> [Your instructions]
Restate each of the lines below word for word and drop every picture.

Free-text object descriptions
++++++++

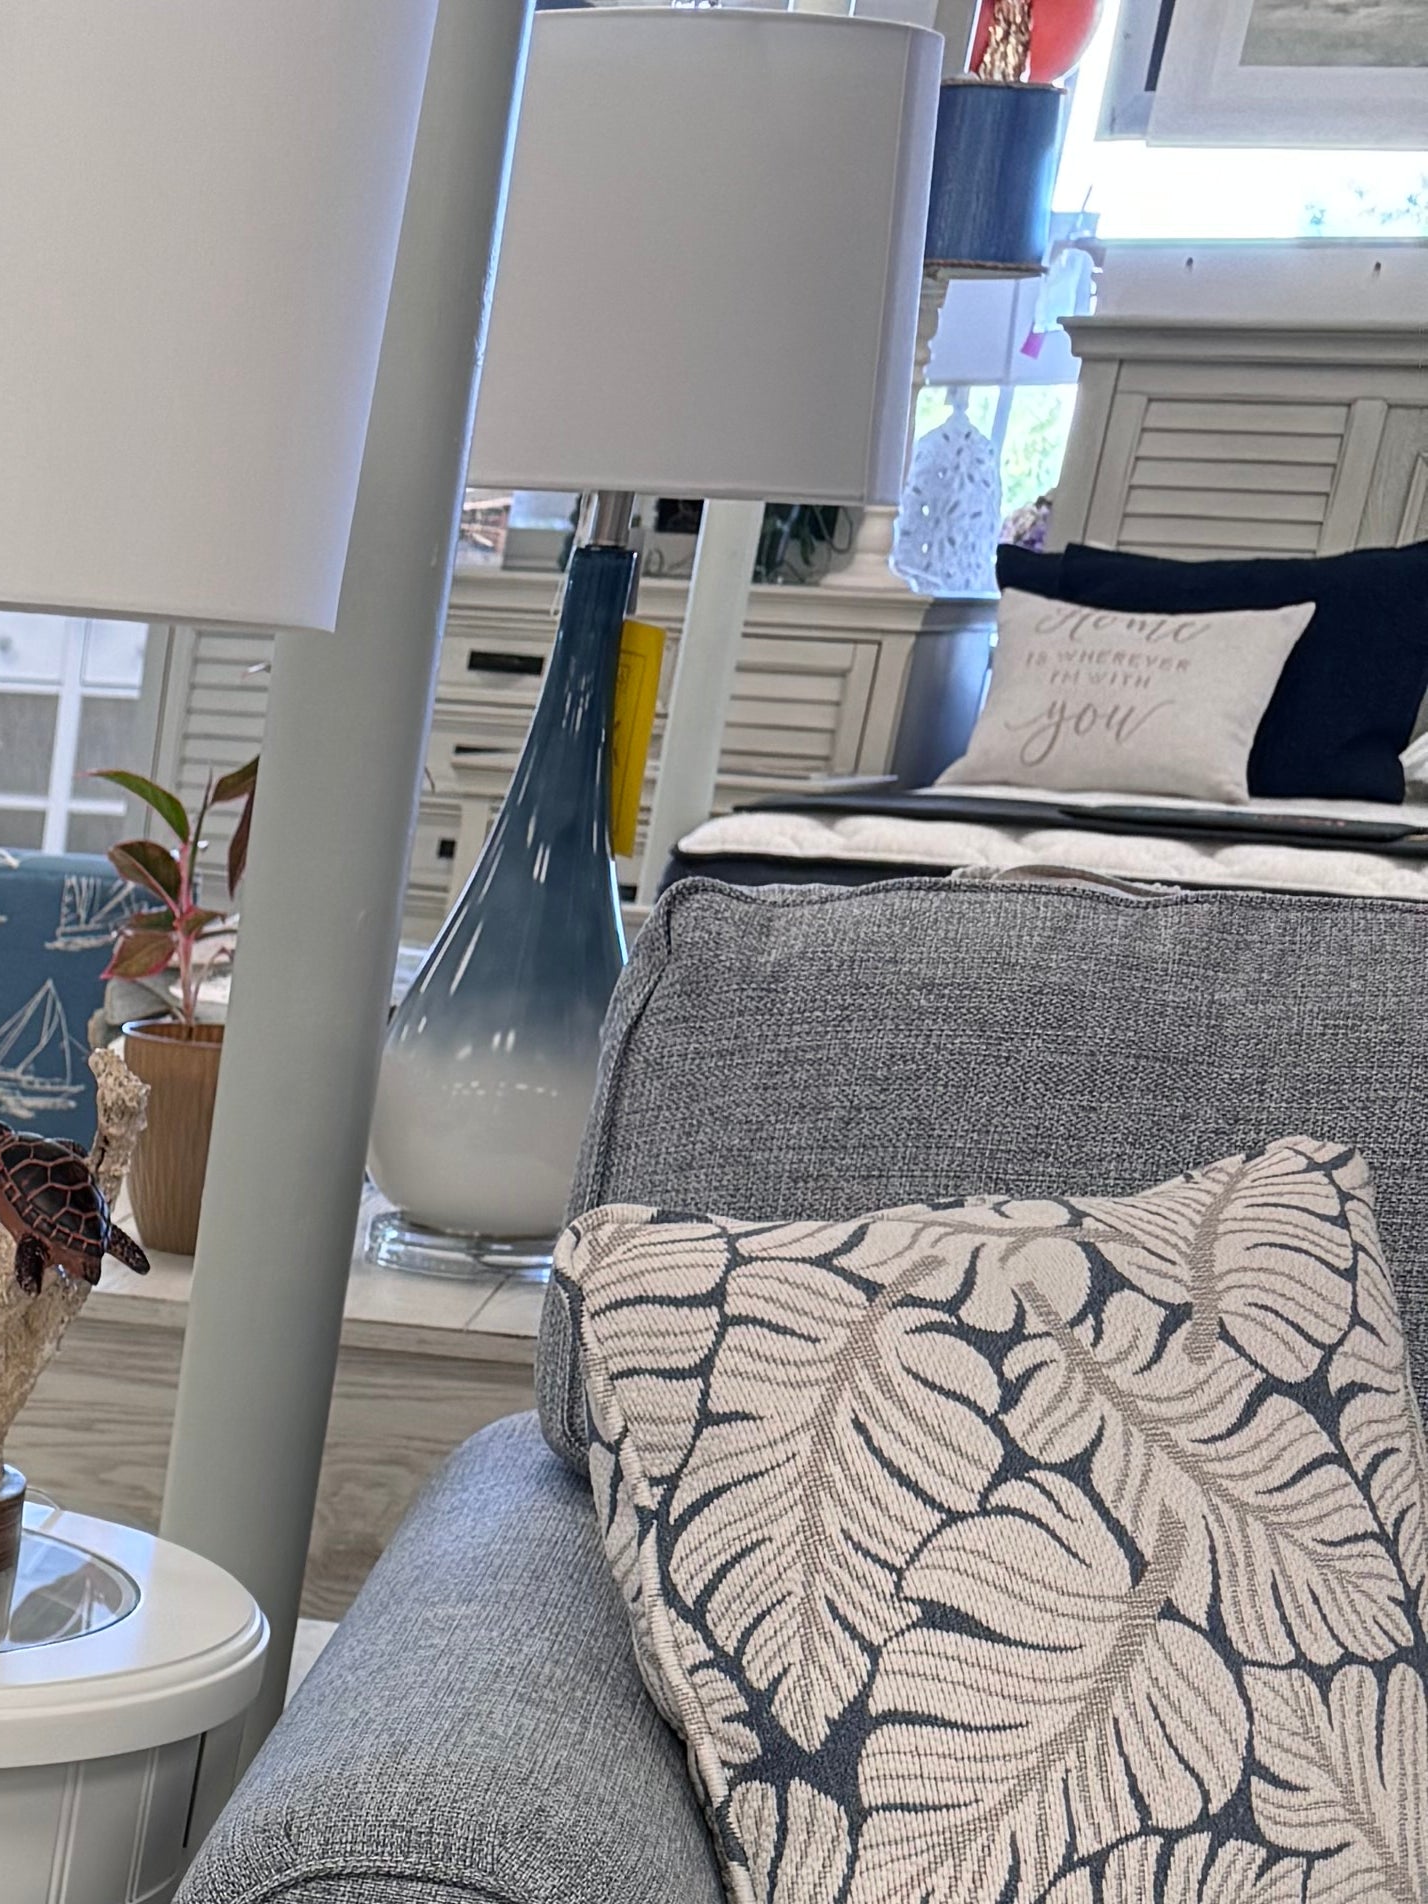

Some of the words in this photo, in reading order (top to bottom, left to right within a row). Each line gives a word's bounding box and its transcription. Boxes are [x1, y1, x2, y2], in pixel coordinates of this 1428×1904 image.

[1025, 652, 1049, 668] IS
[1056, 650, 1191, 673] WHEREVER
[1089, 672, 1151, 690] WITH
[1003, 700, 1177, 768] you

++++++++

> [Your solution]
Some of the words in this photo, in reading order (top to bottom, left to right within a row). Each line gives a word's bounding box and its transcription. Boxes are [x1, y1, x2, y2], in pixel coordinates of this 1428×1904 image.

[1025, 652, 1049, 668] IS
[1056, 650, 1191, 673] WHEREVER
[1089, 672, 1151, 690] WITH
[1003, 700, 1177, 768] you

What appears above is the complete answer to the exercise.